_Assignment_
Below are some records: retype them all exactly, but not the pictures.

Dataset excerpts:
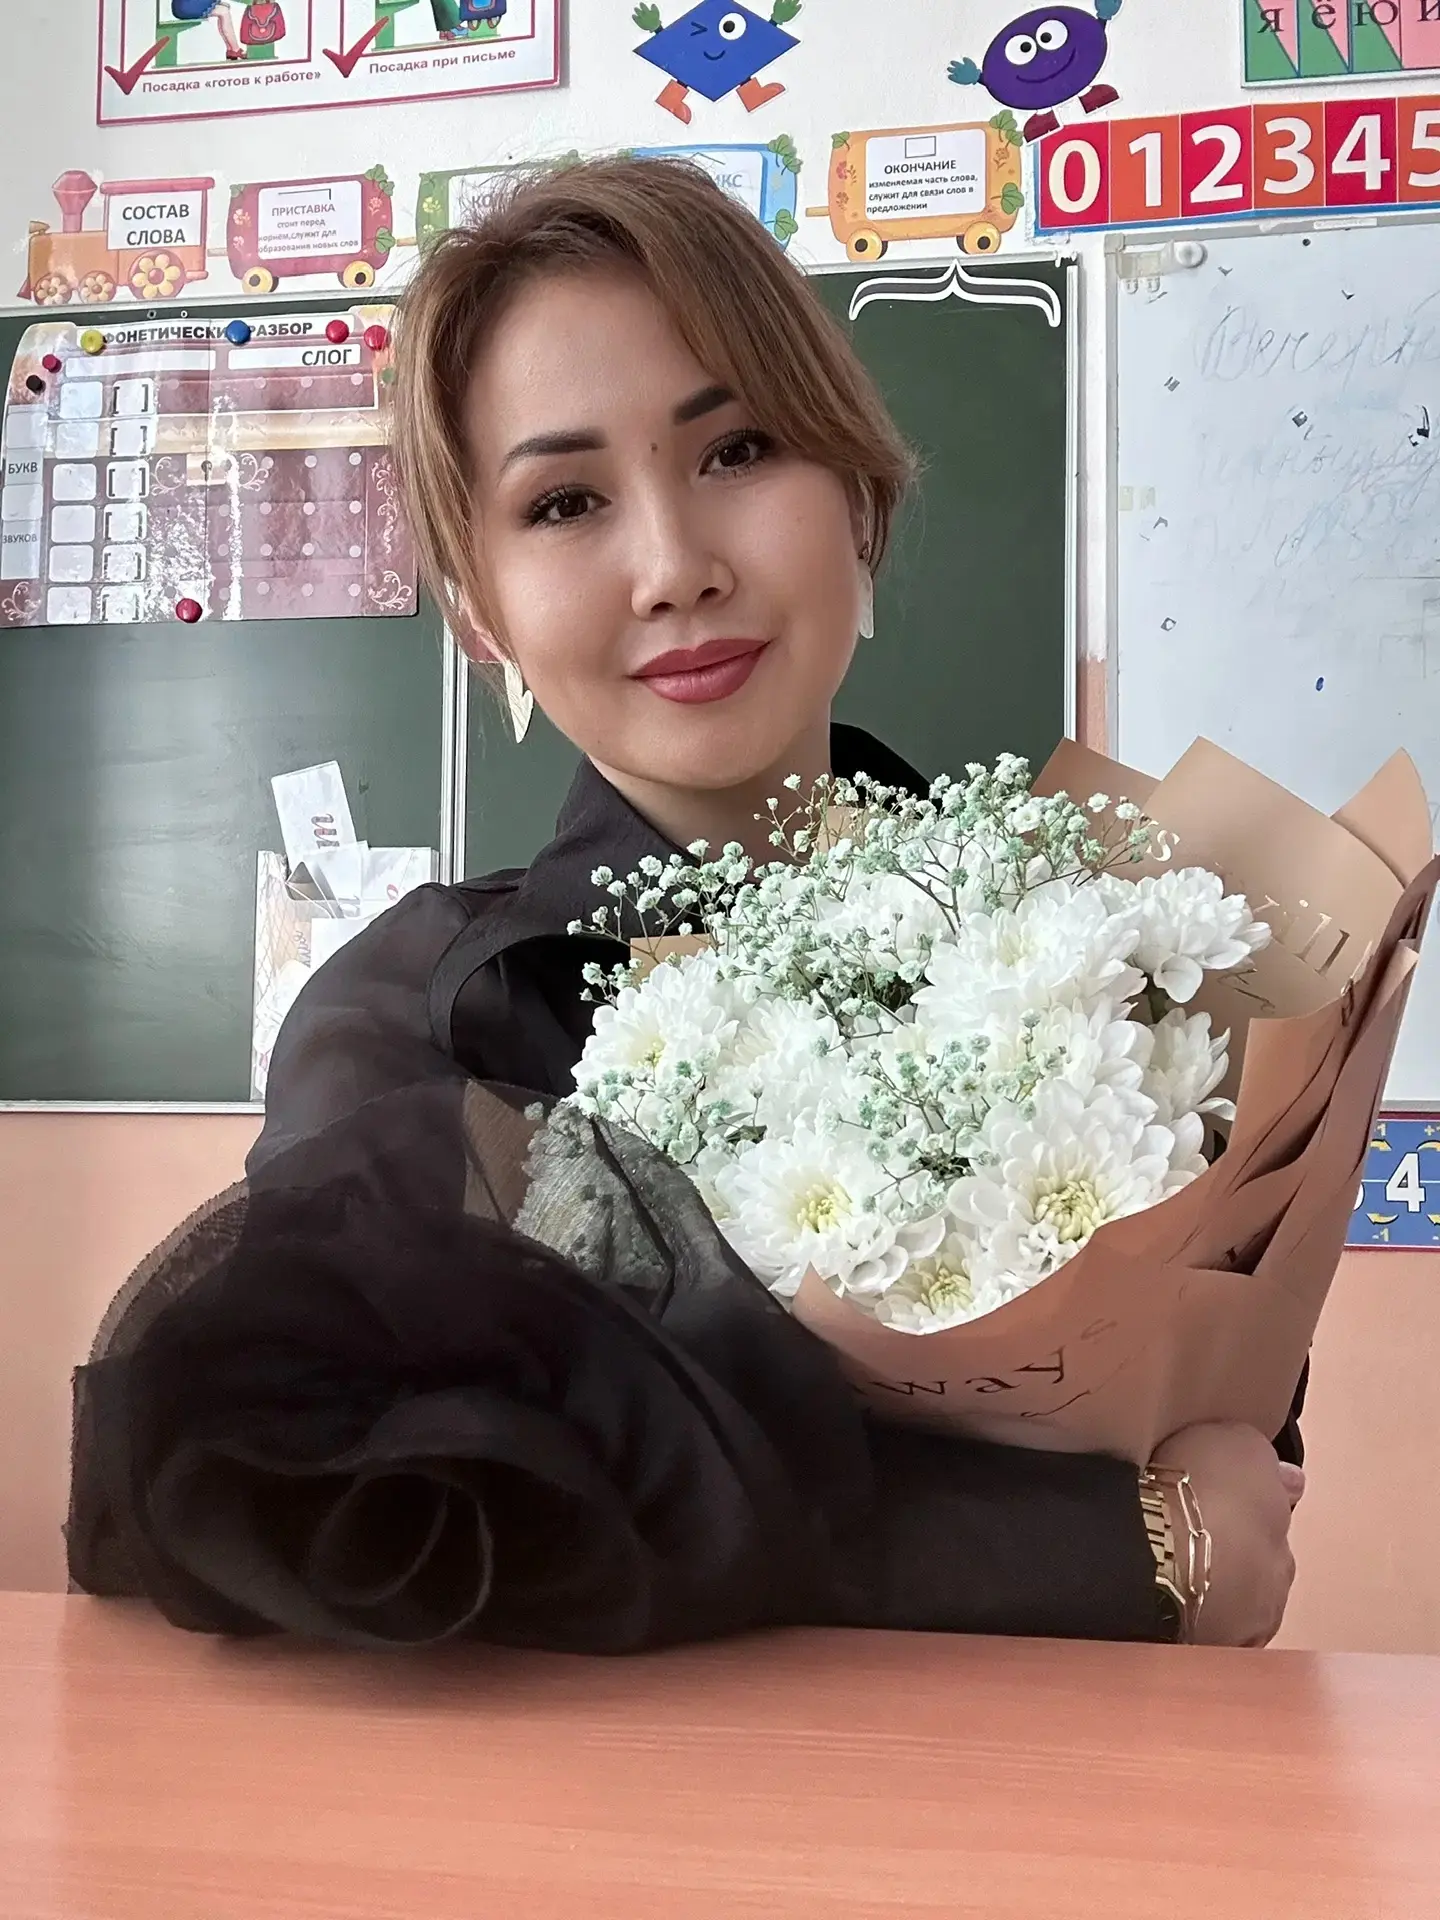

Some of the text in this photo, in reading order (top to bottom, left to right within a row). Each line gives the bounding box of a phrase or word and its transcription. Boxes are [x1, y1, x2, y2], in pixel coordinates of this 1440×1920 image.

[1256, 7, 1285, 34] я
[369, 49, 516, 75] Посадка при письме
[142, 70, 321, 93] Посадка «готов к работе»
[884, 159, 957, 175] ОКОНЧАНИЕ
[1048, 139, 1101, 214] 0
[1128, 131, 1162, 208] 1
[1189, 124, 1244, 204] 2
[1263, 116, 1315, 196] 3
[1331, 113, 1391, 191] 4
[868, 174, 978, 189] изменяемая часть слова,
[868, 185, 974, 202] служит для связи слов в
[122, 203, 190, 221] СОСТАВ
[271, 203, 336, 217] ПРИСТАВКА
[866, 201, 928, 214] предложении
[300, 218, 326, 228] перед
[126, 228, 186, 246] СЛОВА
[104, 322, 313, 345] ФОНЕТИЧЕСКИ РАЗБОР
[301, 349, 352, 366] СЛОГ
[8, 461, 38, 475] БУКВ
[2, 533, 38, 545] ЗВУКОВ
[1385, 1151, 1427, 1213] 4

_Response below_
Some of the text in this photo, in reading order (top to bottom, left to right within a row). Each line gives the bounding box of a phrase or word and its transcription. Boxes are [x1, y1, x2, y2], in pixel coordinates of this 1440×1920 image.

[1256, 7, 1285, 34] я
[369, 49, 516, 75] Посадка при письме
[142, 70, 321, 93] Посадка «готов к работе»
[884, 159, 957, 175] ОКОНЧАНИЕ
[1048, 139, 1101, 214] 0
[1128, 131, 1162, 208] 1
[1189, 124, 1244, 204] 2
[1263, 116, 1315, 196] 3
[1331, 113, 1391, 191] 4
[868, 174, 978, 189] изменяемая часть слова,
[868, 185, 974, 202] служит для связи слов в
[122, 203, 190, 221] СОСТАВ
[271, 203, 336, 217] ПРИСТАВКА
[866, 201, 928, 214] предложении
[300, 218, 326, 228] перед
[126, 228, 186, 246] СЛОВА
[104, 322, 313, 345] ФОНЕТИЧЕСКИ РАЗБОР
[301, 349, 352, 366] СЛОГ
[8, 461, 38, 475] БУКВ
[2, 533, 38, 545] ЗВУКОВ
[1385, 1151, 1427, 1213] 4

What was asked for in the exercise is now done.